Vectors and embeddings
Before a database can find "similar" things, those things need to become numbers. This chapter explains what a vector is, how an embedding model turns text or images into vectors, and why that works.
A vector is just a list of numbers
A vector is an ordered list of numbers. [3, 4] is a vector with two numbers — two dimensions. You can draw it as an arrow from the origin to the point (3, 4) on a graph.
Vectors can describe anything you can measure. A house could be [bedrooms, area_in_100_sqft, age_in_years] = [3, 12, 5]. Two houses with similar vectors are similar houses.
Embeddings: vectors that capture meaning
Hand-picking features works for houses, but not for sentences — what would the "features" of "my card got declined" be? This is where embedding models come in. An embedding model is a neural network trained on huge amounts of data so that:
- items with similar meaning get vectors that are close together, and
- items with different meaning end up far apart.

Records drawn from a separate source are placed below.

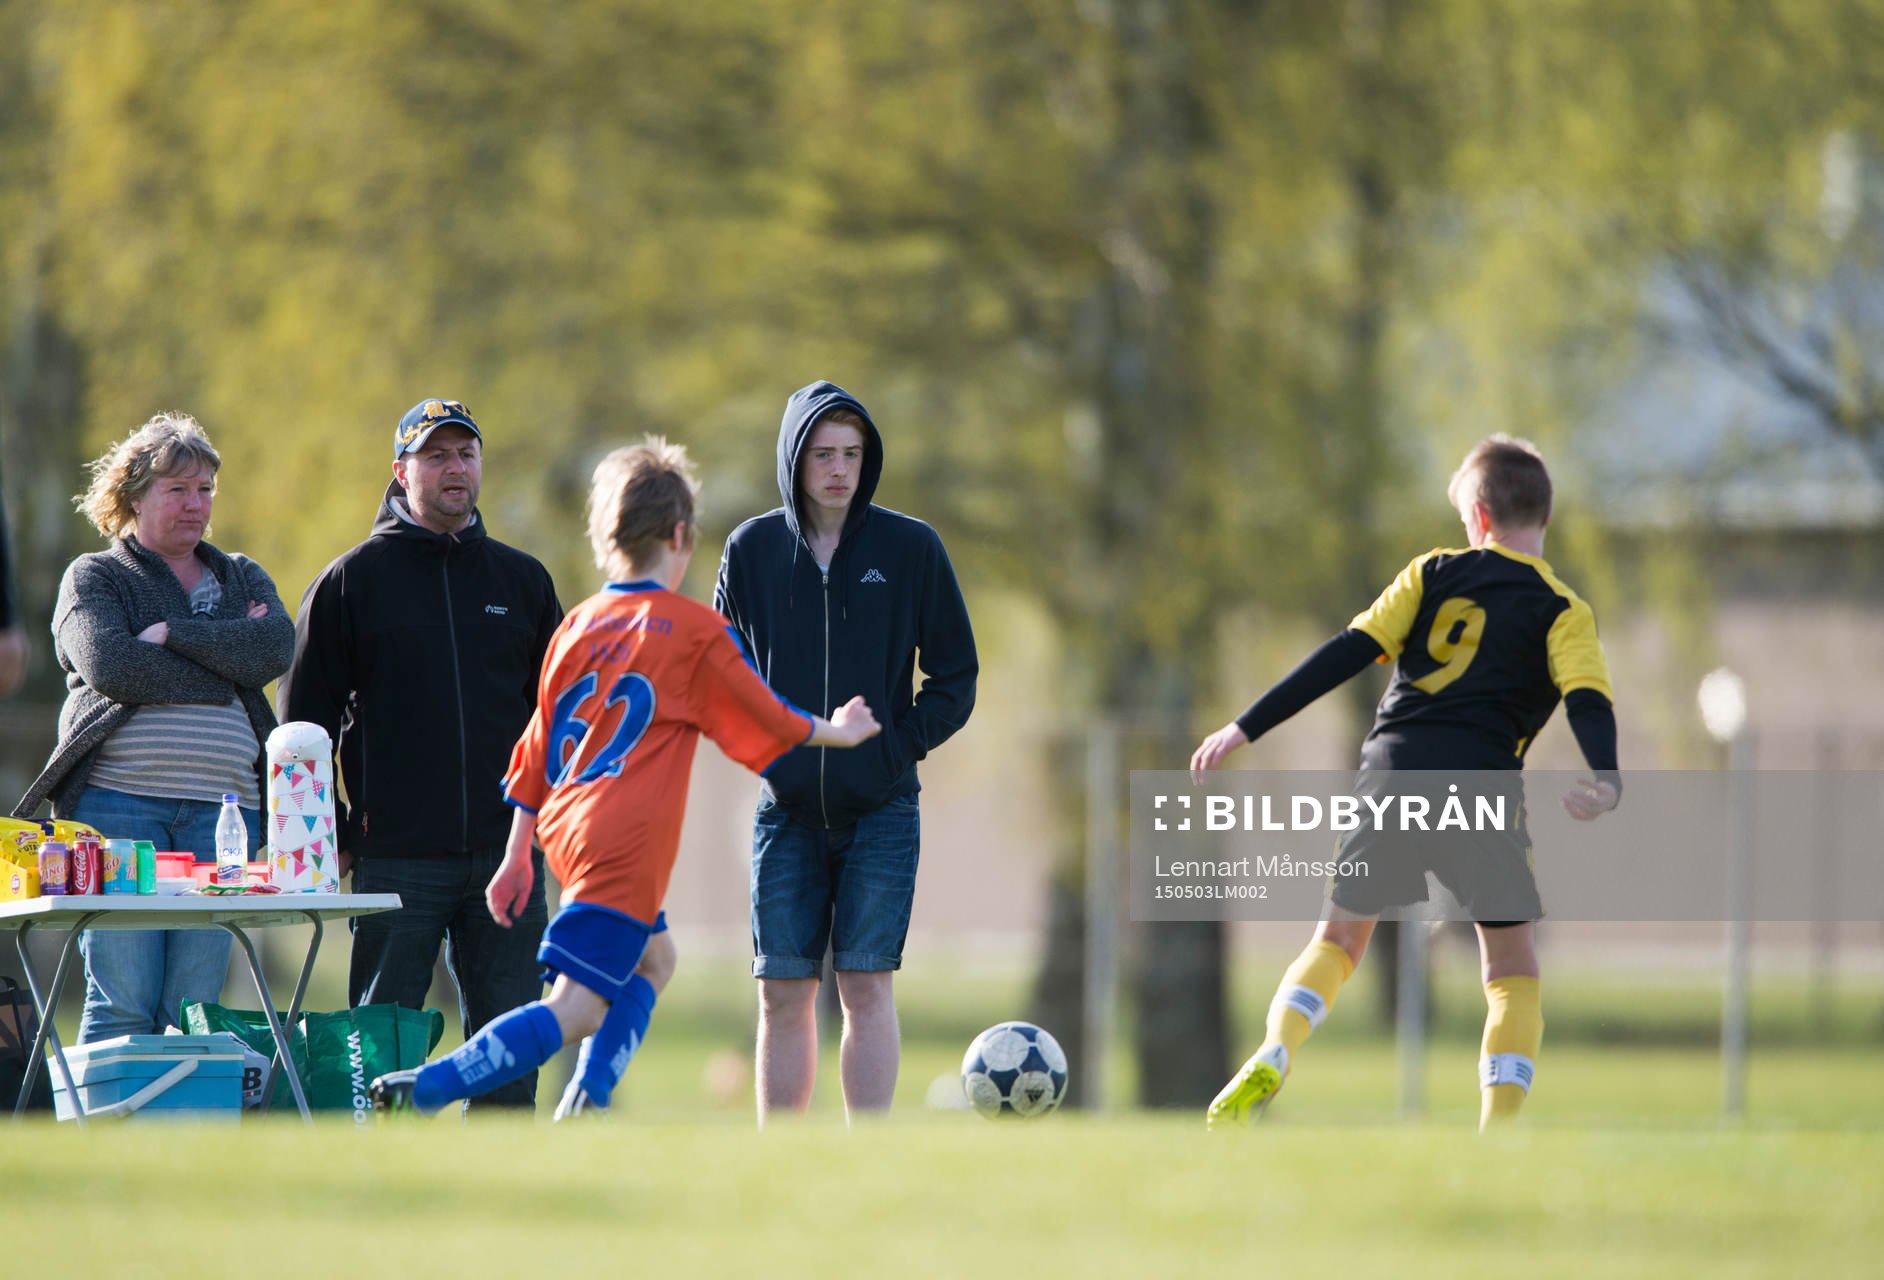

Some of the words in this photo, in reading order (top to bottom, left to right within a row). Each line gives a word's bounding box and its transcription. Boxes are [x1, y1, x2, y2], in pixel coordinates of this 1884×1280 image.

[1411, 597, 1486, 695] 9
[544, 670, 656, 790] 62
[218, 847, 243, 858] LOKA
[347, 1030, 372, 1131] www.öo
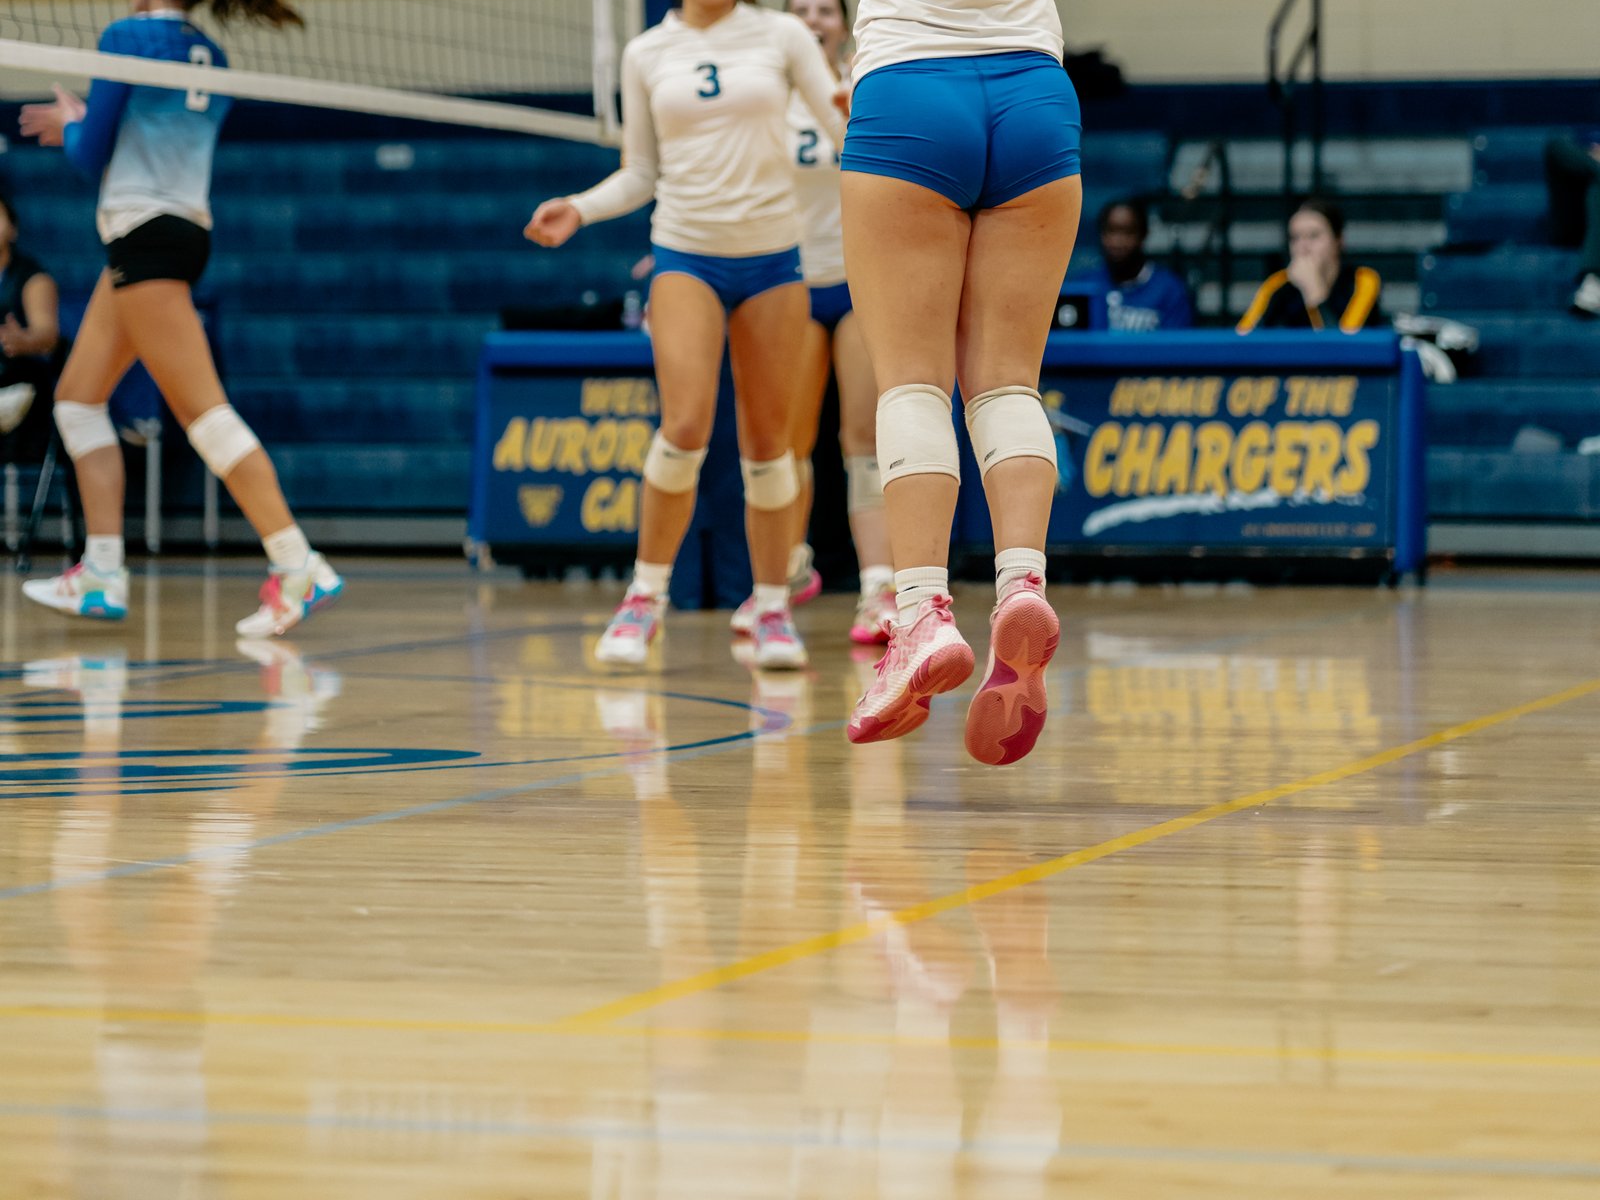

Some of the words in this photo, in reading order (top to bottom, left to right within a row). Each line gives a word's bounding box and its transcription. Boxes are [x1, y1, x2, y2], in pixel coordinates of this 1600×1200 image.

[696, 63, 721, 98] 3
[1109, 377, 1224, 417] HOME
[1226, 377, 1280, 417] OF
[1284, 376, 1358, 417] THE
[493, 416, 655, 477] AUROR
[1083, 420, 1380, 499] CHARGERS
[581, 476, 640, 533] CA

The vector the model produces is called an embedding.
Real embeddings don't have two dimensions — they typically have hundreds or thousands — but the principle is exactly what the picture shows: meaning becomes position.
What do the dimensions mean?
In the house example, each number had a clear meaning. In a learned embedding, individual dimensions usually don't have a human-readable meaning. Meaning is spread across all of them together. You can't point at dimension 417 and say "this is the animal-ness dimension." What matters is the overall position, and therefore distance to other vectors.
Common embedding sizes are in the hundreds to a few thousand dimensions. More dimensions can capture finer detail but cost more storage and compute; we cover this trade-off in Sizing and scaling.
What can be embedded?
| Input | Example embedding models do |
|---|---|
| Text | Sentences, paragraphs, document chunks, queries |
| Images | Photos, screenshots, product images |
| Text + images together | Multimodal models put both in the same space, so text can find images |
| Code | Functions and snippets, for code search |
| Audio | Clips of speech or music |
| Users and items | Learned from behaviour, for recommendations |
Getting embeddings in practice
You send text to an embedding model — via a hosted API or a model you run yourself — and get a vector back:
// Illustrative: the exact client and model name depend on your provider.
const response = await embeddings.create({
model: "your-embedding-model",
input: "My card got declined at the shop",
});
const vector: number[] = response.data[0].embedding; // e.g. [0.012, -0.044, 0.31, ...]
Rules that save you pain later
- Use the same model for storing and querying. Vectors from different models live in different spaces and can't be compared — like measuring one house in feet and another in metres, but worse.
- Record which model (and version) produced each vector. If you change models, you must re-embed everything. See Operations.
- Embed the right unit. A whole 50-page manual squeezed into one vector loses detail; split long content into chunks first. The RAG Handbook covers chunking in depth.
- Respect the model's input limit. Text beyond the maximum length is truncated or rejected.
An embedding model is a translator from "meaning" to "position in space". A vector database is the system that stores those positions and finds neighbours quickly.